DATA RECORDS: Begin

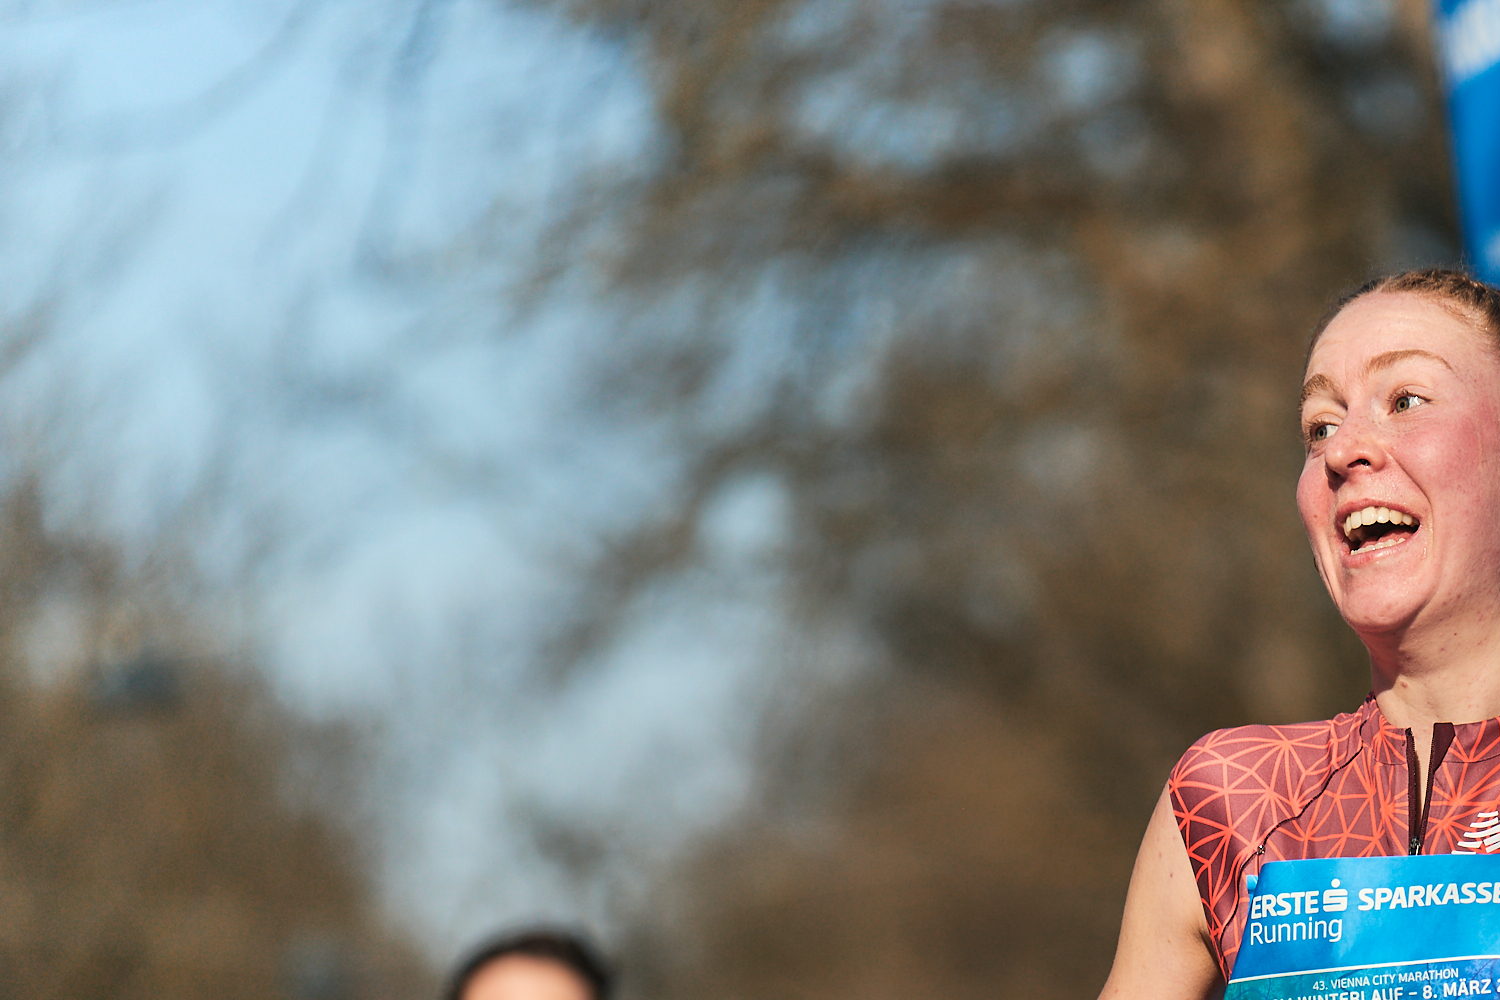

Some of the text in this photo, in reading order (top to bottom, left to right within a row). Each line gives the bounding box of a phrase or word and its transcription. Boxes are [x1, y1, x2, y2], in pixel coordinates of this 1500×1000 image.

[1250, 890, 1320, 920] ERSTE
[1250, 916, 1343, 946] Running
[1312, 967, 1459, 991] 43. VIENNA CITY MARATHON
[1422, 985, 1438, 999] 8.
[1443, 977, 1492, 997] MÄRZ
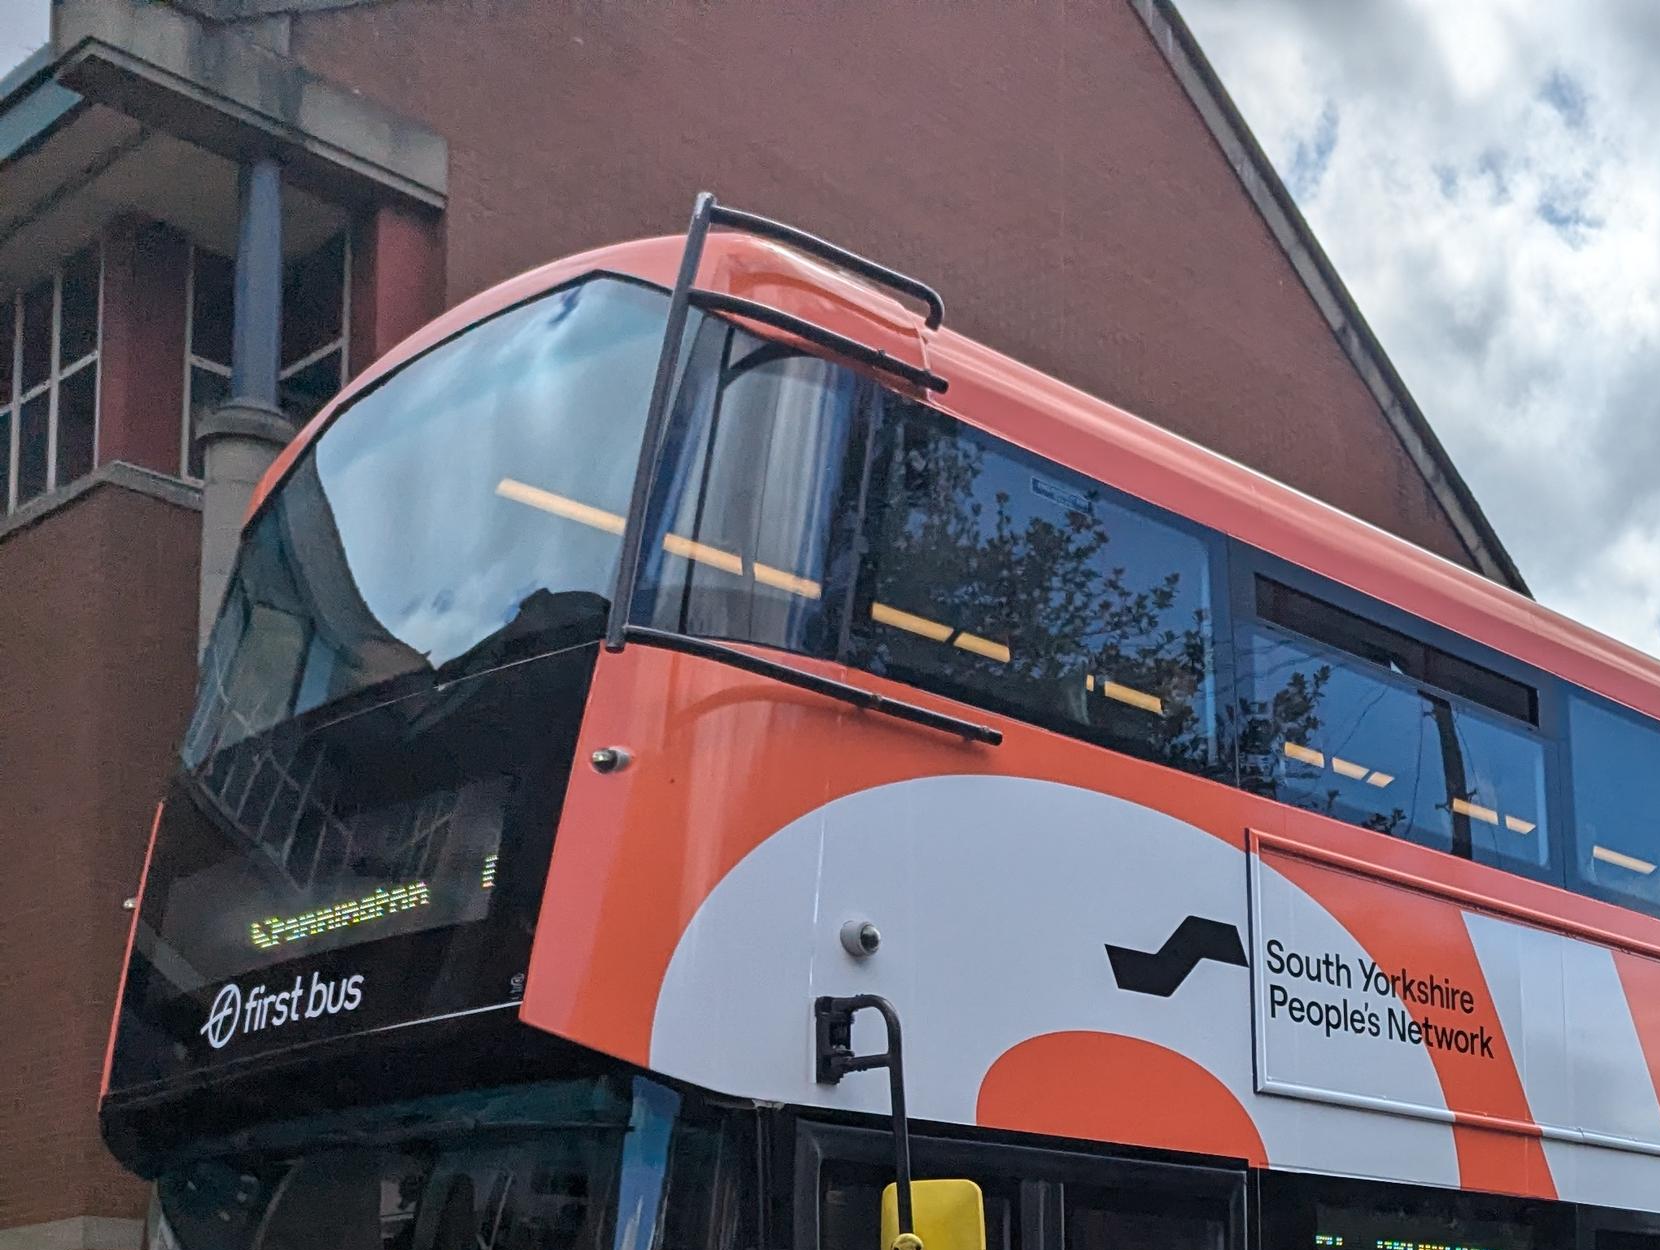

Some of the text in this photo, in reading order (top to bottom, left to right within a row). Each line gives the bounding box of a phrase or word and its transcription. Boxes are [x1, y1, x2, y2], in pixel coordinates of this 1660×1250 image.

[243, 971, 364, 1034] first bus
[1266, 939, 1475, 1015] South Yorkshire
[1269, 984, 1494, 1060] People's Network

DATA RECORDS: End

• TASK:
In the copy, include each entry exactly as written and none of the pictures.

• RESPONSE:
Some of the text in this photo, in reading order (top to bottom, left to right within a row). Each line gives the bounding box of a phrase or word and its transcription. Boxes are [x1, y1, x2, y2], in pixel coordinates of this 1500×1000 image.

[1250, 890, 1320, 920] ERSTE
[1250, 916, 1343, 946] Running
[1312, 967, 1459, 991] 43. VIENNA CITY MARATHON
[1422, 985, 1438, 999] 8.
[1443, 977, 1492, 997] MÄRZ

Some of the text in this photo, in reading order (top to bottom, left to right within a row). Each line gives the bounding box of a phrase or word and its transcription. Boxes are [x1, y1, x2, y2], in pixel coordinates of this 1660×1250 image.

[243, 971, 364, 1034] first bus
[1266, 939, 1475, 1015] South Yorkshire
[1269, 984, 1494, 1060] People's Network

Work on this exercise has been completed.